Image-backed grounding data
* * * * *

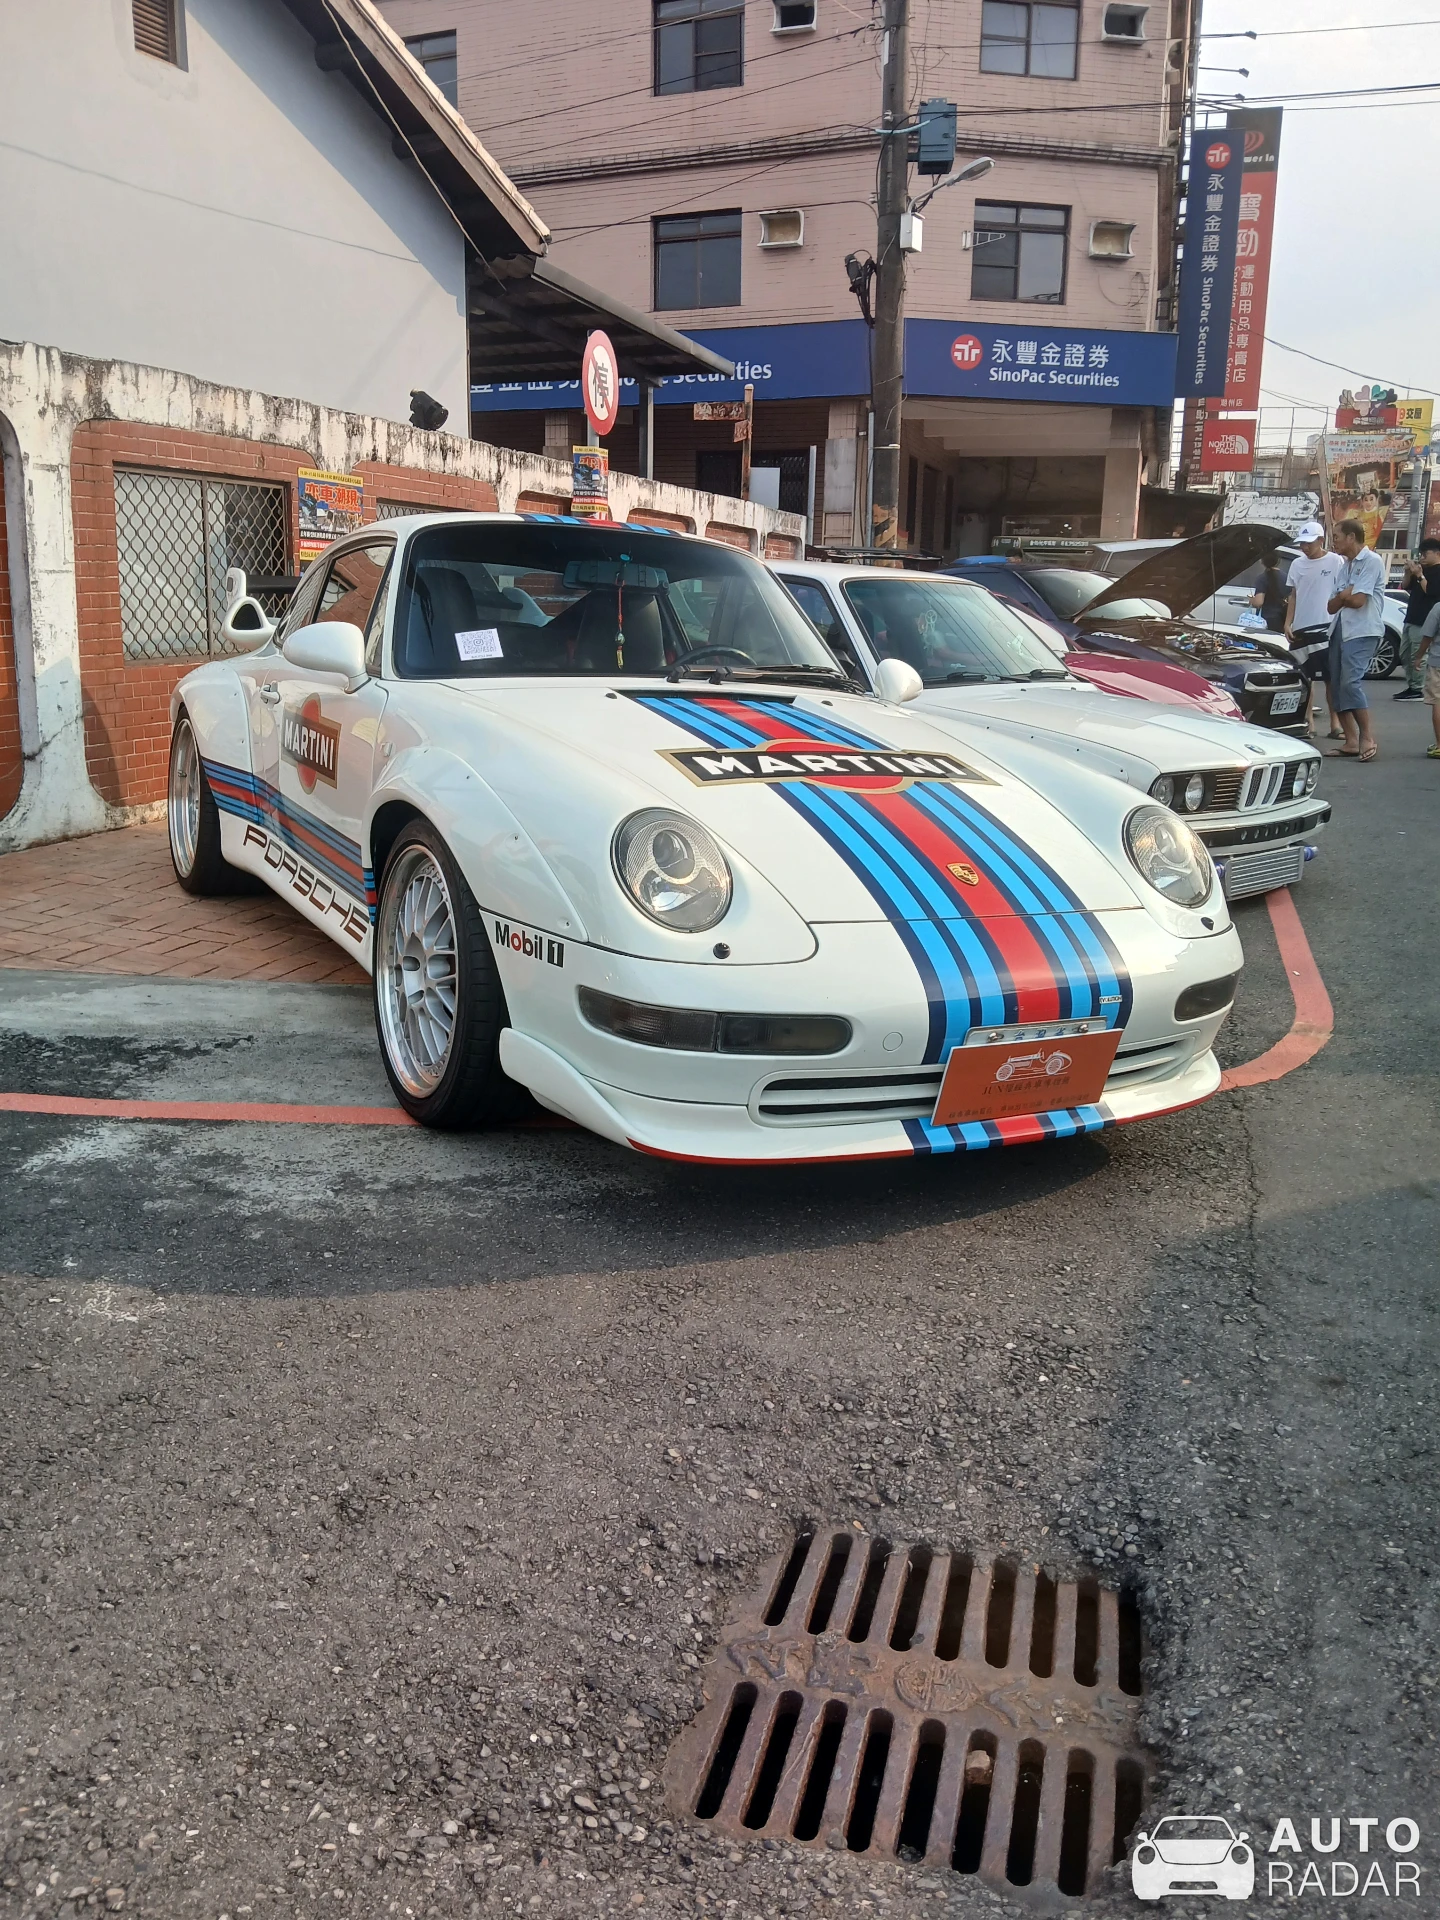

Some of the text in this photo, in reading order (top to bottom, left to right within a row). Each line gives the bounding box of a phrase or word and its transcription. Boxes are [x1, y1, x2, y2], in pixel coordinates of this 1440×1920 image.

[1201, 173, 1225, 272] 永豐金證券
[1200, 276, 1214, 324] SinoPac
[1232, 264, 1255, 383] 運動用品專賣店
[988, 366, 1120, 387] SinoPac Securities
[991, 339, 1110, 369] 永豐金證券
[1195, 325, 1210, 385] Securities
[592, 361, 609, 409] 停
[1215, 447, 1236, 455] FACE
[1220, 434, 1236, 442] THE
[284, 718, 335, 771] MARTINI
[691, 754, 968, 776] MARTINI
[243, 824, 370, 944] PORSCHE
[495, 920, 543, 961] Mobil

* * * * *

TASK STATEMENT
Output the data above in full and exactly, with every image left out.

RESULT
Some of the text in this photo, in reading order (top to bottom, left to right within a row). Each line gives the bounding box of a phrase or word and its transcription. Boxes are [x1, y1, x2, y2], in pixel coordinates of this 1440×1920 image.

[1201, 173, 1225, 272] 永豐金證券
[1200, 276, 1214, 324] SinoPac
[1232, 264, 1255, 383] 運動用品專賣店
[988, 366, 1120, 387] SinoPac Securities
[991, 339, 1110, 369] 永豐金證券
[1195, 325, 1210, 385] Securities
[592, 361, 609, 409] 停
[1215, 447, 1236, 455] FACE
[1220, 434, 1236, 442] THE
[284, 718, 335, 771] MARTINI
[691, 754, 968, 776] MARTINI
[243, 824, 370, 944] PORSCHE
[495, 920, 543, 961] Mobil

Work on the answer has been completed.